The Quantitative Reasoning subtest

What is the format of the Quantitative Reasoning subtest?

The Quantitative Reasoning subtest consists of 36 questions that must be completed in 24 minutes – that results in an average of 40 seconds per question.

With limited time, you’ll need to make decisions efficiently and effectively.

Questions may involve charts, graphs and reference tables which may demand more time to solve.

What are the calculation types of Quantitative Reasoning questions?

The flowchart below illustrates the different categories in the Quantitative Reasoning subtest:

UCAT Quantitative Reasoning Subtest Flowchart

Flowchart: Types of Quantitative Reasoning Questions

In Quantitative Reasoning, calculation questions can vie categorised into four different types:

  • Percentages: Calculating the increase/decrease of percentage changes in cost prices or quantities. Some questions may ask you to convert percentages into decimals or fractions.
  • Proportionality: Calculating the direct and indirect proportion, e.g: the proportional increase or decrease of a value
  • Rates: Calculating the rate or speed of flow.
  • Averages: Calculating the mean, mode or median for values that may be presented in the form of charts, tables or diagrams.

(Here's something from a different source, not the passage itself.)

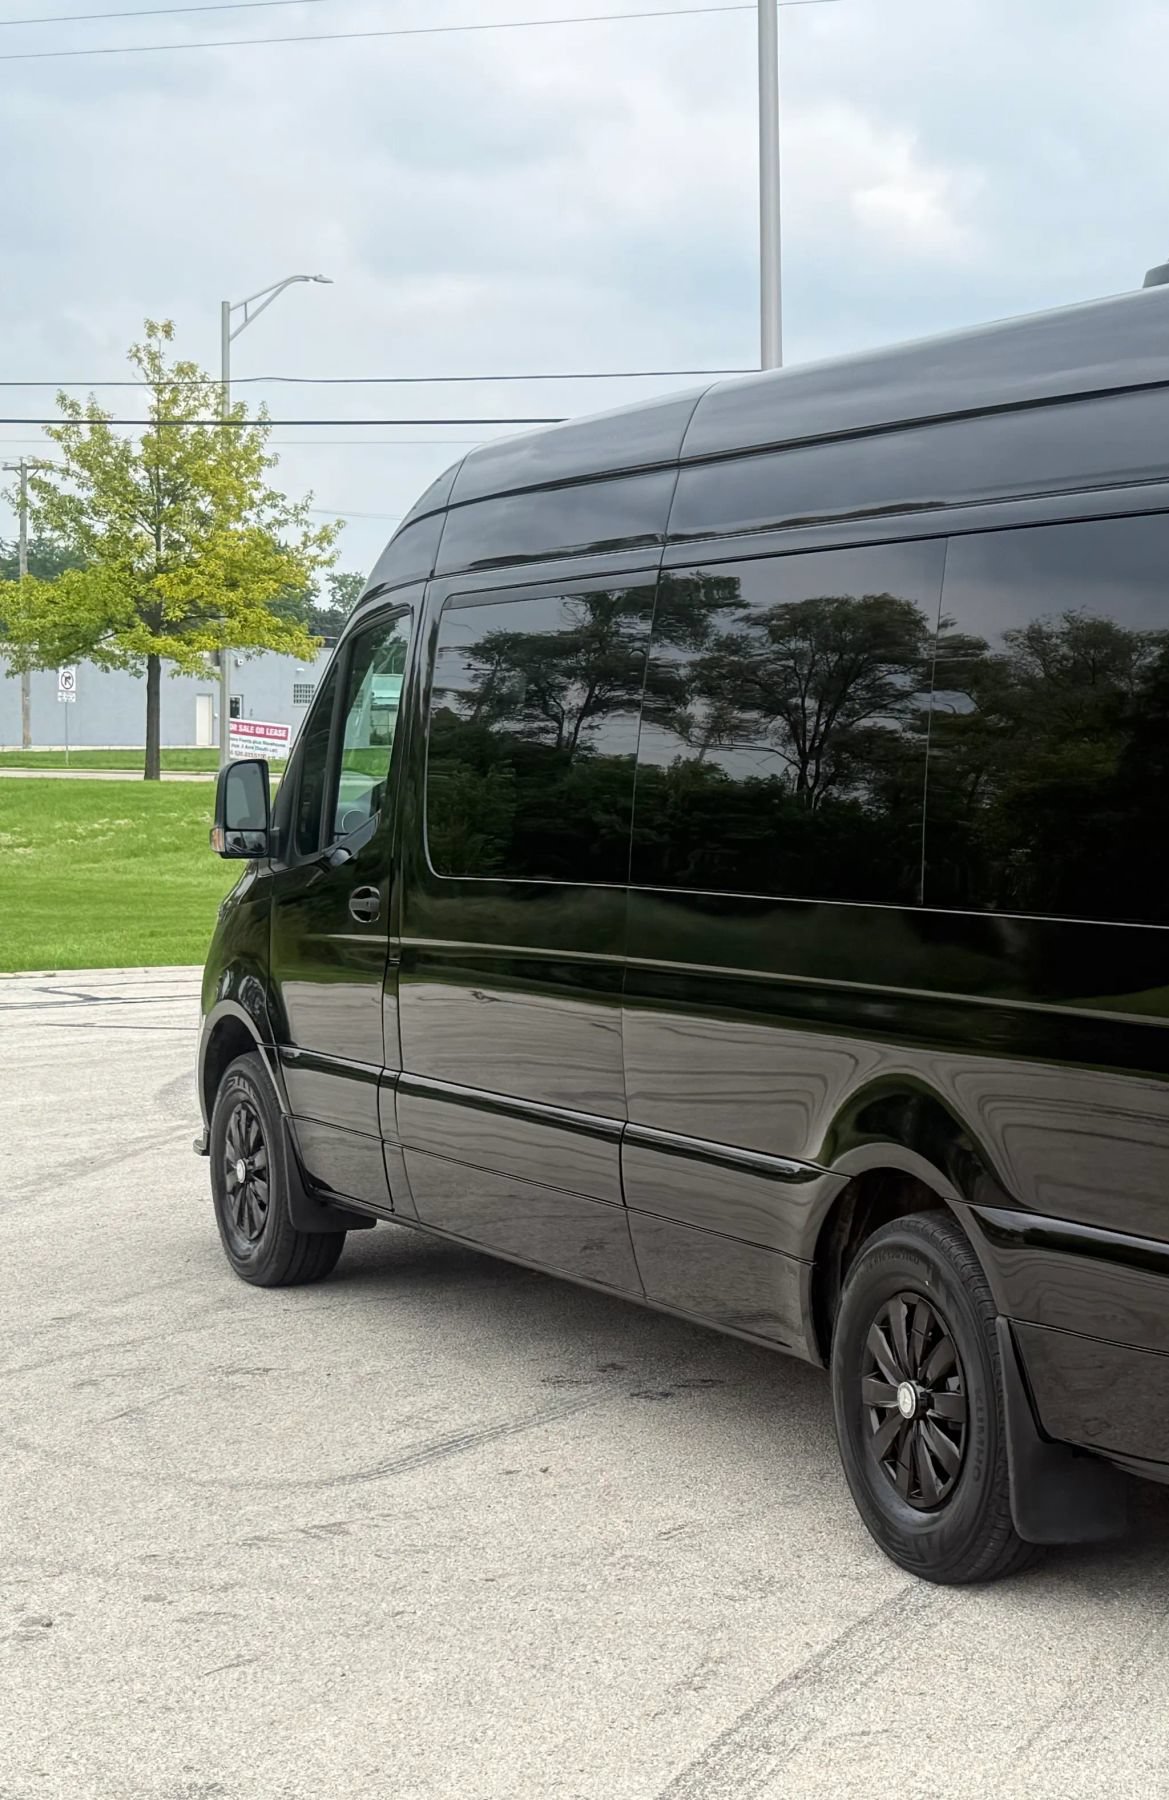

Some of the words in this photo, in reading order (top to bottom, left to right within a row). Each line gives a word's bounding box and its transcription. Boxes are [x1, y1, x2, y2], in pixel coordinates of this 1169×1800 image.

Examples of Quantitative Reasoning questions

Here’s an example of a Quantitative Reasoning question:

Sarah’s school is trying to raise funds to build a new hall for the students. Her class decides to hold a bake sale to contribute to some of the funds. She is making a batch of muffins for her school bake sale. She has the following recipe below:

Choc chip muffin recipe:

  • 125mL oil
  • 100g sugar
  • 100g choc chips
  • 250g flour
Ingredient Price
Flour (600g) $0.60
Oil (250mL) $1.20
Sugar (500g) $1.00
Choc chips (600 grams) $0.70

 

Question 1 (Proportionality)

This recipe produces 1 tray; however, Sarah is baking 5 trays. How much will the ingredients cost?

A) $5.50

B) $5.80

C) $6.20

D) $6.50

E) $7.10

 

Answer

E

A common mistake is using incorrect quantities of the ingredients. Remember that you can only buy ingredients in specified quantities at the supermarket!  For example, 625mL of oil is required, and as a result, 750mL of oil must be bought.  Hence, the ingredients cost $1.80 for flour (3×0.60), the oil costs $3.60 (3×1.20), the sugar $1 and the choc chips $0.70, which added together is $7.10.

 

Question 2 (Percentages)

Sarah ends up eating one tray during the baking process so ends up spending $7.50 altogether to make 5 trays and one that has already been consumed. Each sellable tray has 10 muffins, and each muffin sold for $1.50. What percentage of her earnings are profit? (Assuming all muffins are sold)

A) 10%

B) 50%

C) 90%

D) 95%

E) Can’t tell

Answer

C

Each of the 5 trays has 10 muffins, which means 50 sellable muffins in total. If each is sold for $1.50 then Sarah makes $75 (50x$1.50).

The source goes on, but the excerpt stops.